Dear brothers and sisters:

Today I want to introduce a mystic who is not from medieval times; It is about Saint Veronica Giuliani, a Capuchin Poor Clare nun. The reason is that the 350th anniversary of his birth is celebrated on December 27. Città di Castello, the place where he lived the longest and where he died, as well as Mercatello - his hometown - and the diocese of Urbino, live this event with joy.

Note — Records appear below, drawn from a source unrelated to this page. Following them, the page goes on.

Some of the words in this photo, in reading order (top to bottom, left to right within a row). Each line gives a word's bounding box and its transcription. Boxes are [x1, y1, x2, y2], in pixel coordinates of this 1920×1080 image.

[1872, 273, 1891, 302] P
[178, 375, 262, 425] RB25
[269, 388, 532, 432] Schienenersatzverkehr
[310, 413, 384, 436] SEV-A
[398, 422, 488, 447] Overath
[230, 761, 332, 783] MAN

Veronica was born, as I was saying, on December 27, 1660 in Mercatello, in the Metauro Valley, to Francesco Giuliani and Benedetta Mancini; she is the last of seven sisters, another three of whom will embrace the monastic life; They give her the name Úrsula. At the age of seven he loses his mother, and his father moves to Piacenza as superintendent of customs for the Duchy of Parma. In this city, Úrsula feels the desire to dedicate her life to Christ grow in her. The call became more and more urgent, to the point that at the age of 17 he entered the strict closure of the monastery of the Capuchin Poor Clares of Città di Castello, where he would remain for the rest of his life. There she receives the name of Veronica, which means "true image" and, in effect, she will become a true image of Christ crucified.

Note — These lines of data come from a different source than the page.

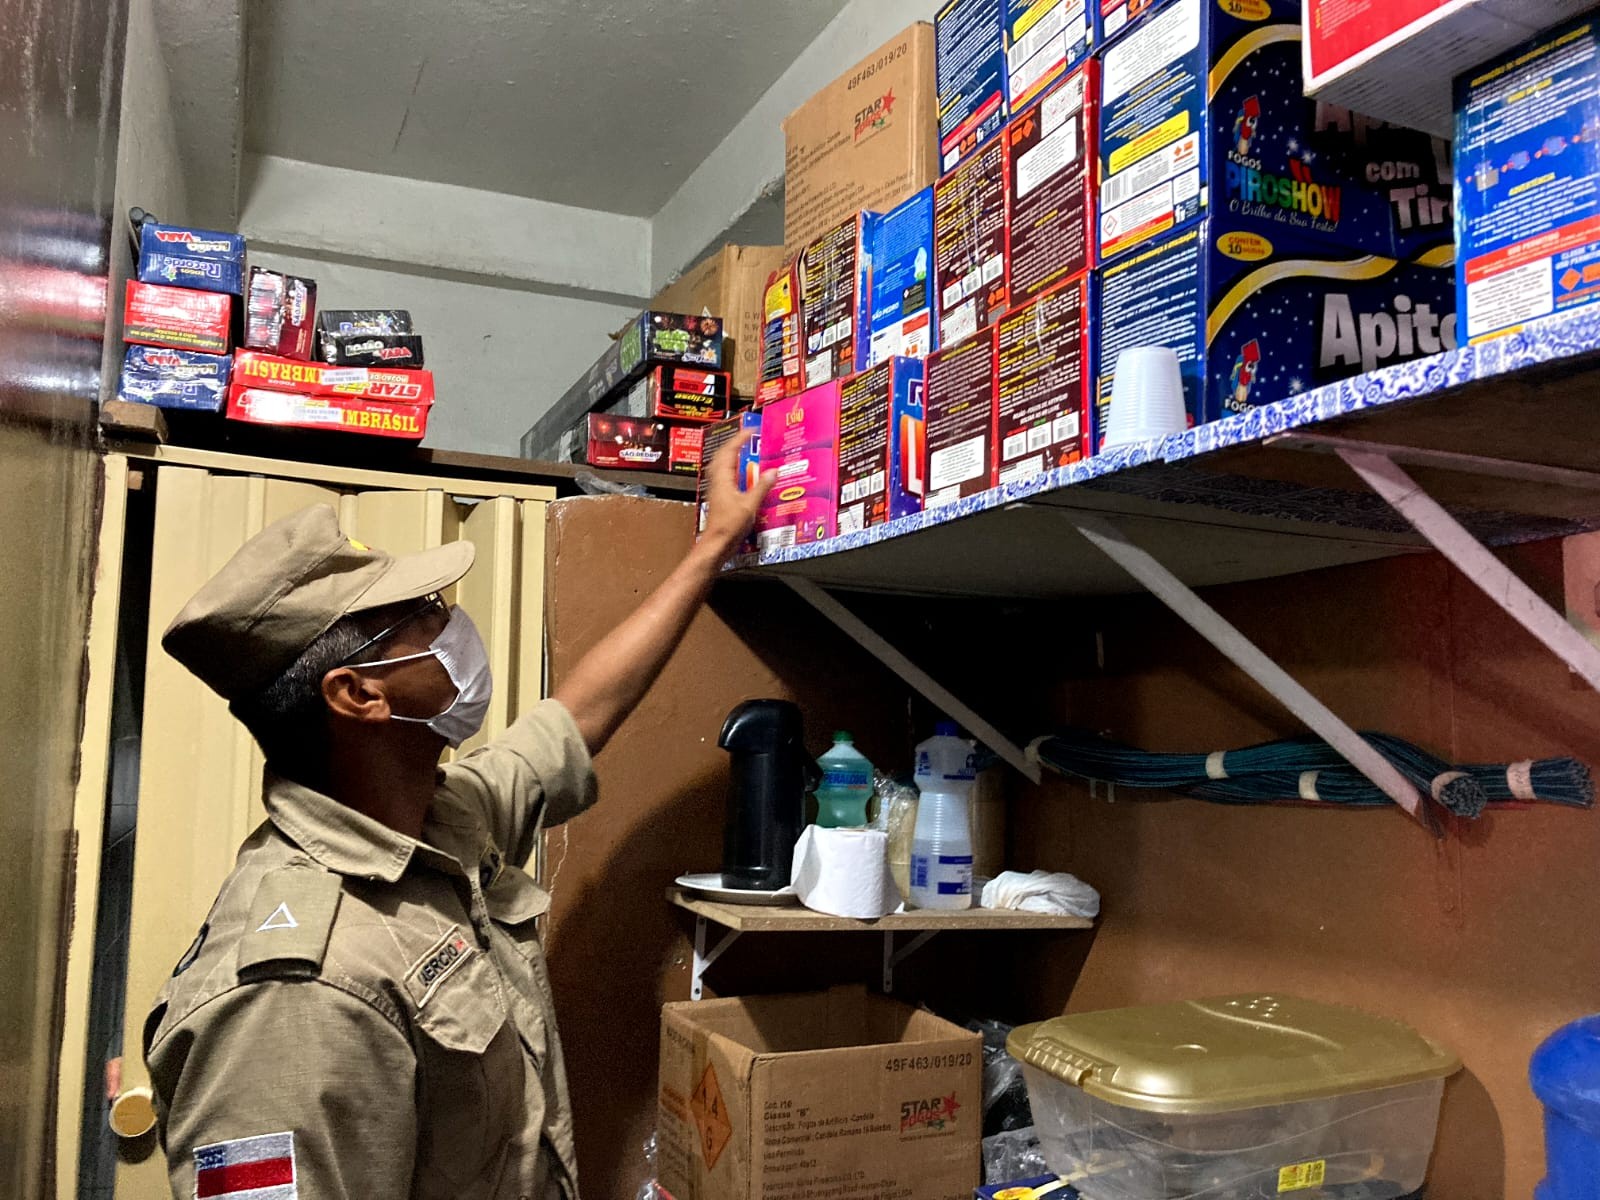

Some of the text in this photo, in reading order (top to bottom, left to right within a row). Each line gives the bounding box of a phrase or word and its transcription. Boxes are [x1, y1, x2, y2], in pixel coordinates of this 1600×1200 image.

[847, 42, 907, 90] 49F463/019/20
[855, 97, 882, 127] STAR
[1228, 150, 1262, 171] FOGOS
[1365, 161, 1420, 183] com
[1225, 160, 1340, 223] PIROSHOW
[1389, 184, 1455, 229] Tir
[368, 382, 422, 399] STAR
[1225, 398, 1257, 412] FOGO
[885, 1053, 972, 1072] 49F463/019/20
[900, 1097, 942, 1120] STAR
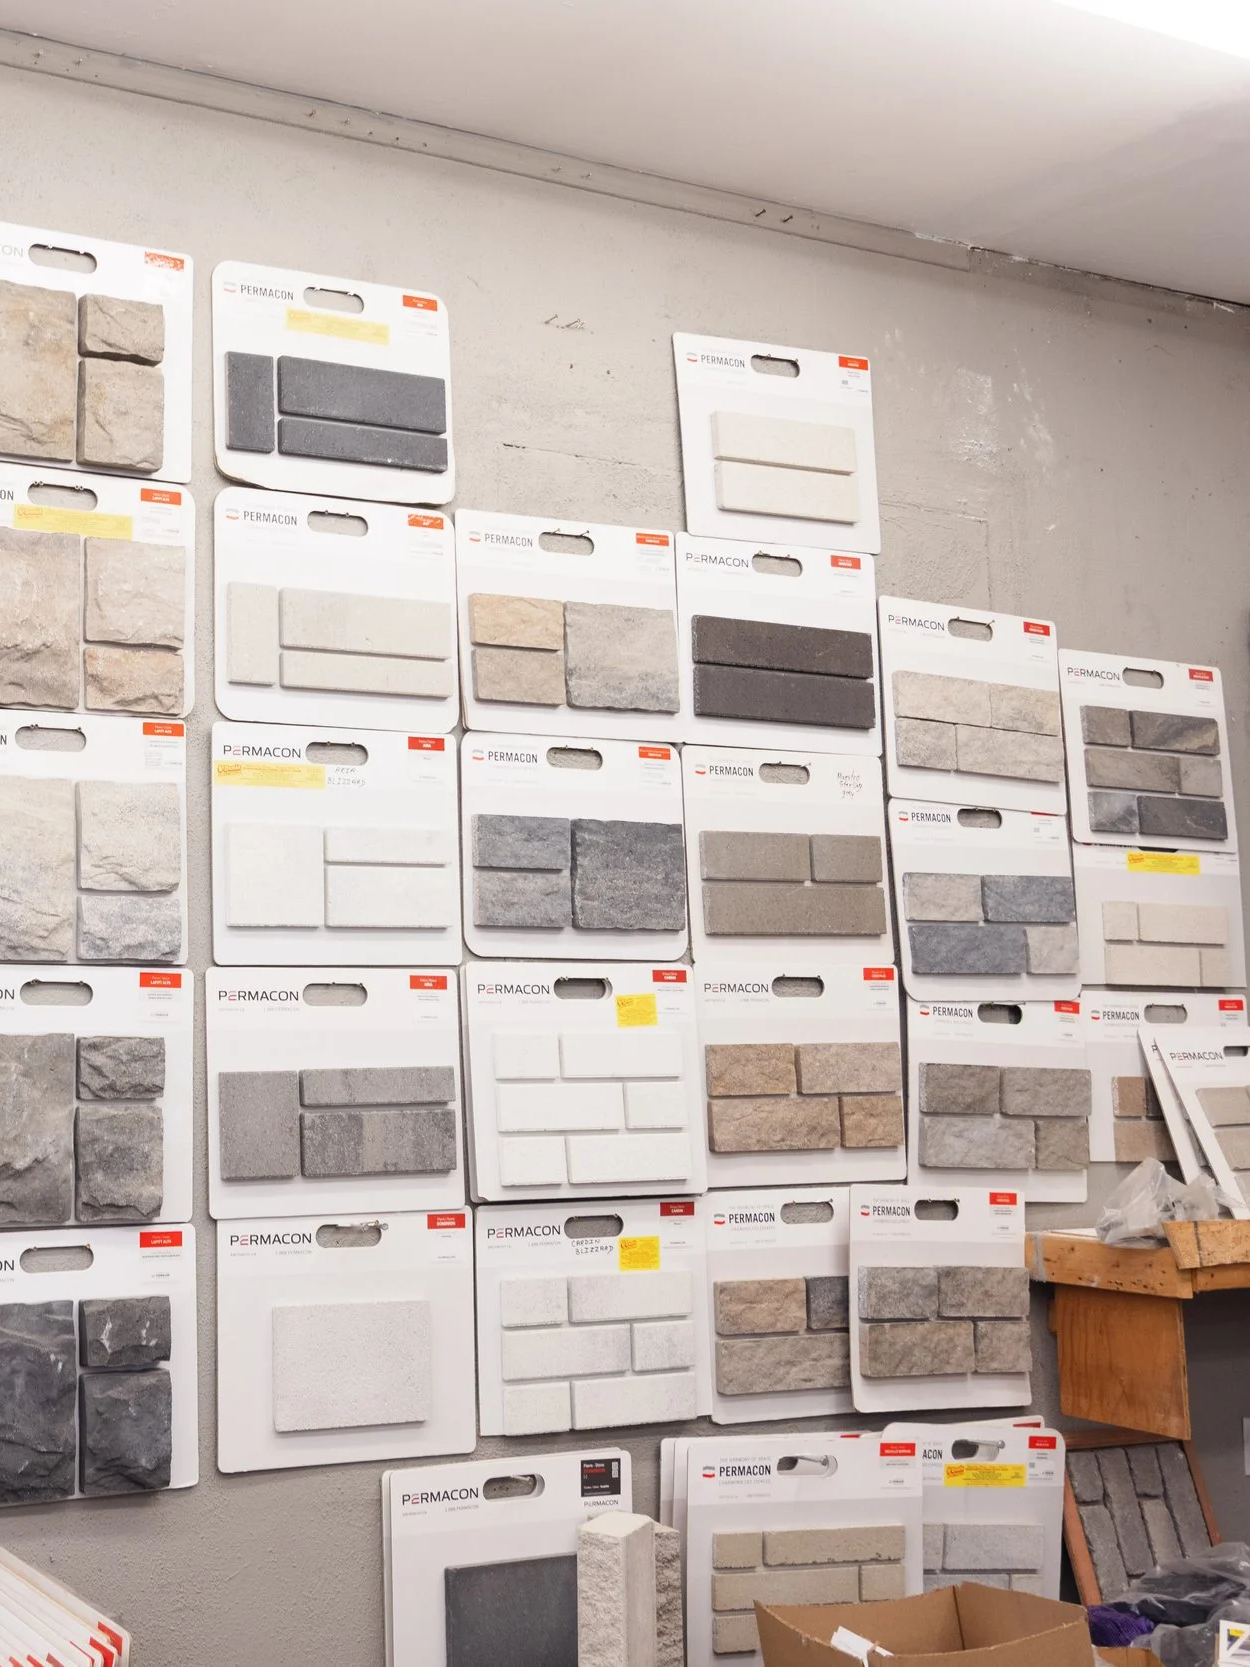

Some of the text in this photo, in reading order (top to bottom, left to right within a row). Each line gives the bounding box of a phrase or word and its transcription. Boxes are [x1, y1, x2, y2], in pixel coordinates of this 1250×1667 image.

[240, 284, 294, 301] PERMACON
[701, 354, 745, 368] PERMACON
[243, 510, 298, 526] PERMACON
[484, 533, 533, 548] PERMACON
[685, 552, 749, 569] PERMACON
[888, 614, 945, 631] PERMACON
[1067, 667, 1120, 681] PERMACON
[222, 744, 302, 759] PERMACON
[488, 750, 538, 764] PERMACON
[709, 765, 754, 777] PERMACON
[911, 812, 951, 823] PERMACON
[477, 983, 550, 995] PERMACON
[703, 983, 769, 993] PERMACON
[218, 990, 299, 1002] PERMACON
[932, 1006, 973, 1018] PERMACON
[1102, 1011, 1140, 1021] PERMACON
[1169, 1052, 1224, 1061] PERMACON
[872, 1205, 911, 1217] PERMACON
[729, 1212, 775, 1224] PERMACON
[487, 1224, 561, 1239] PERMACON
[230, 1233, 312, 1246] PERMACON
[922, 1449, 943, 1460] ACON
[719, 1464, 771, 1477] PERMACON
[402, 1487, 479, 1506] PERMACON

A year later, she made her solemn religious profession: the path of configuration with Christ began for her through many penances, great suffering and some mystical experiences linked to the Passion of Jesus: the crowning with thorns, the mystical nuptials, the wound in the heart and stigmata In 1716, at the age of 56, she became abbess of the monastery and would be confirmed in that position until her death, which occurred in 1727, after an excruciating agony of 33 days that culminated in such profound joy that her last words were: «I have found Love, Love has been seen! This is the cause of my suffering. Tell them all, tell them all!" (Summarium Beatificationis, 115-120). On July 9, he leaves his earthly abode to meet with God. He is 67 years old, fifty of which he spent in the monastery of Città di Castello. Pope Gregory XVI proclaimed her a saint on May 26, 1839.

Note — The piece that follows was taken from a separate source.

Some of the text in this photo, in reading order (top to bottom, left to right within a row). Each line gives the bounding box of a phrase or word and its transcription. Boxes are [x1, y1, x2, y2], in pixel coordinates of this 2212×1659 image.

Verónica Giuliani wrote a lot: letters, autobiographical texts, poetry. However, the main source to reconstruct his thought is his Diary, started in 1693: no less than twenty-two thousand handwritten pages, covering thirty-four years of cloistered life. The writing flows spontaneously and continuously, without erasures or corrections, without punctuation marks or distribution of material into chapters or parts according to a pre-established project. Verónica did not want to compose a literary work; What's more, Father Girolamo Bastianelli, a religious of the Filipinos, in agreement with the diocesan bishop Antonio Eustachi, forced her to write down her experiences.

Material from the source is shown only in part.